Dataset entries Block Start
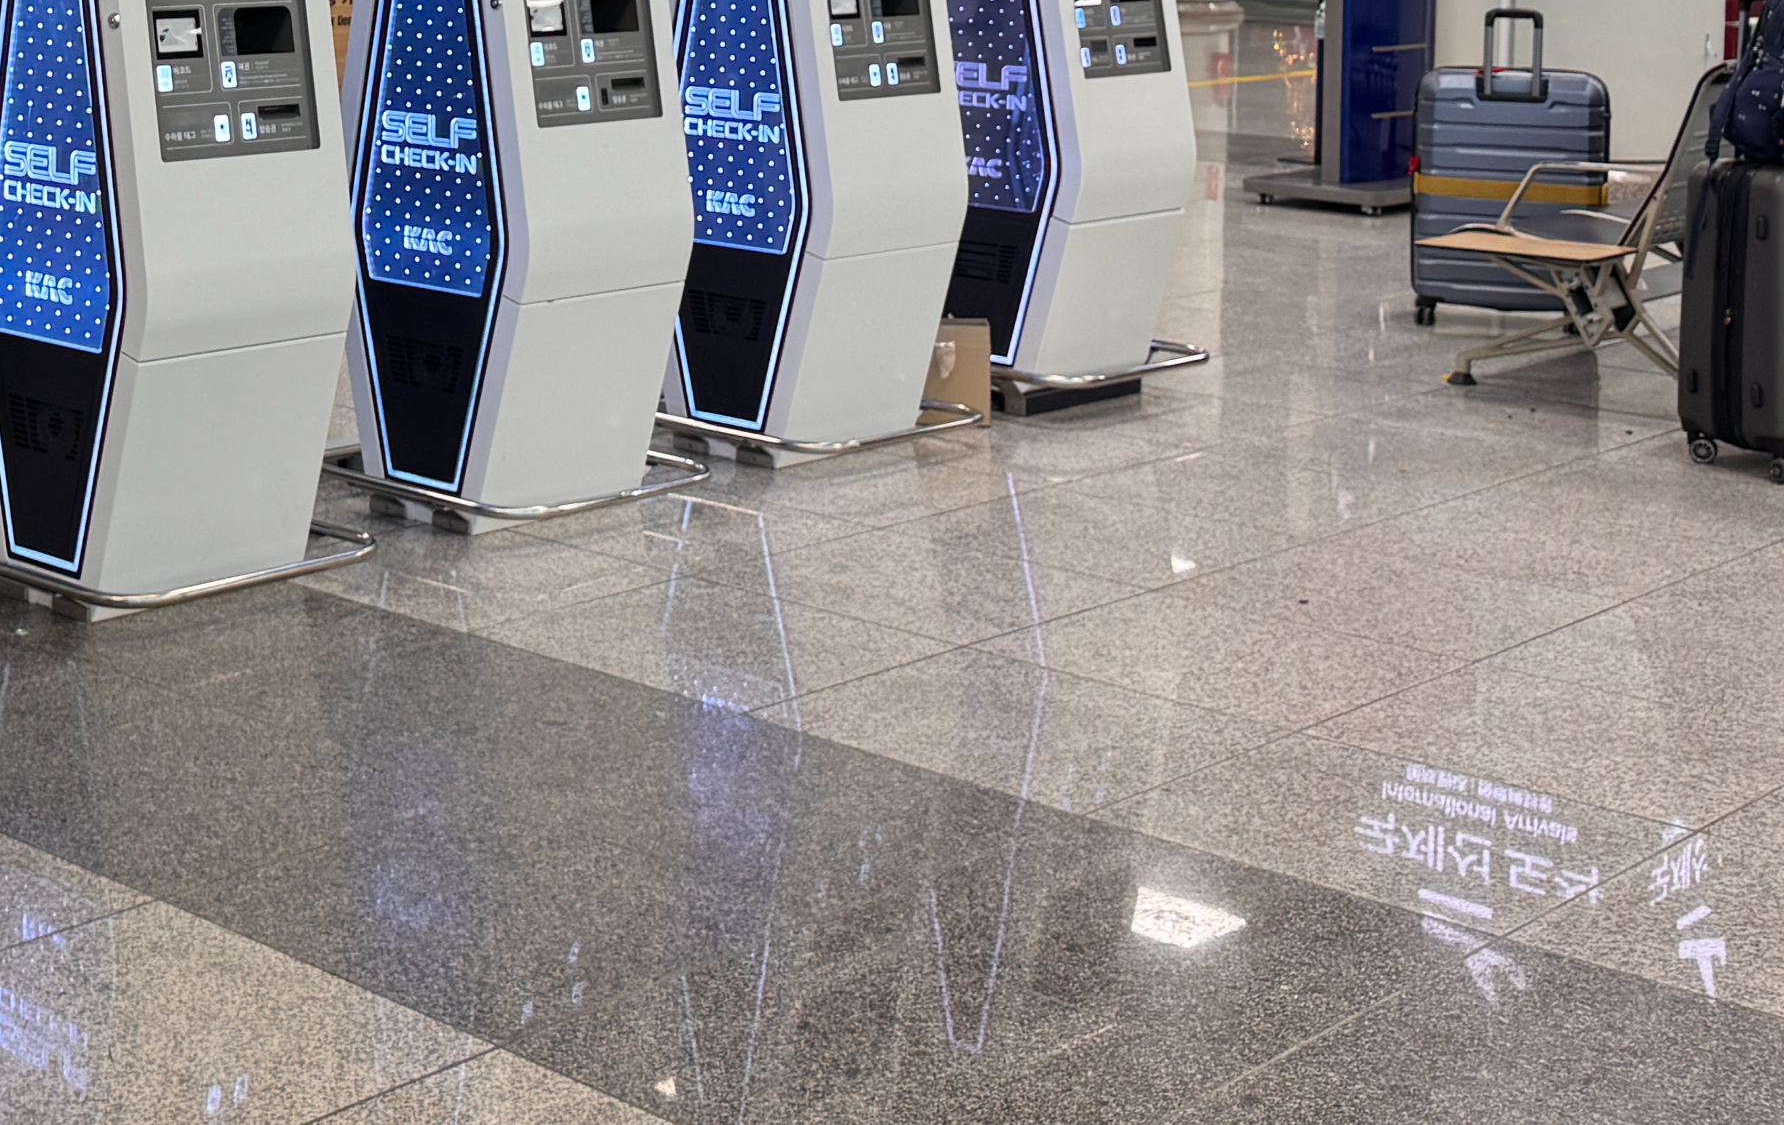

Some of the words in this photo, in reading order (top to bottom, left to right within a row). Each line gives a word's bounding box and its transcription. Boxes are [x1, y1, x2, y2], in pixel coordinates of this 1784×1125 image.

[685, 85, 780, 121] SELF
[382, 110, 477, 149] SELF
[684, 117, 780, 144] CHECK-IN
[4, 140, 97, 185] SELF
[381, 144, 477, 175] CHECK-IN
[3, 179, 96, 214] CHECK-IN
[706, 189, 755, 217] KAC
[403, 225, 453, 255] KAC
[26, 270, 73, 305] KAC
Dataset entries Block End
[Required work]
Each record above should be duplicated word for word, with no pictures included.

[Your solution]
Some of the words in this photo, in reading order (top to bottom, left to right within a row). Each line gives a word's bounding box and its transcription. Boxes are [x1, y1, x2, y2], in pixel coordinates of this 1784×1125 image.

[685, 85, 780, 121] SELF
[382, 110, 477, 149] SELF
[684, 117, 780, 144] CHECK-IN
[4, 140, 97, 185] SELF
[381, 144, 477, 175] CHECK-IN
[3, 179, 96, 214] CHECK-IN
[706, 189, 755, 217] KAC
[403, 225, 453, 255] KAC
[26, 270, 73, 305] KAC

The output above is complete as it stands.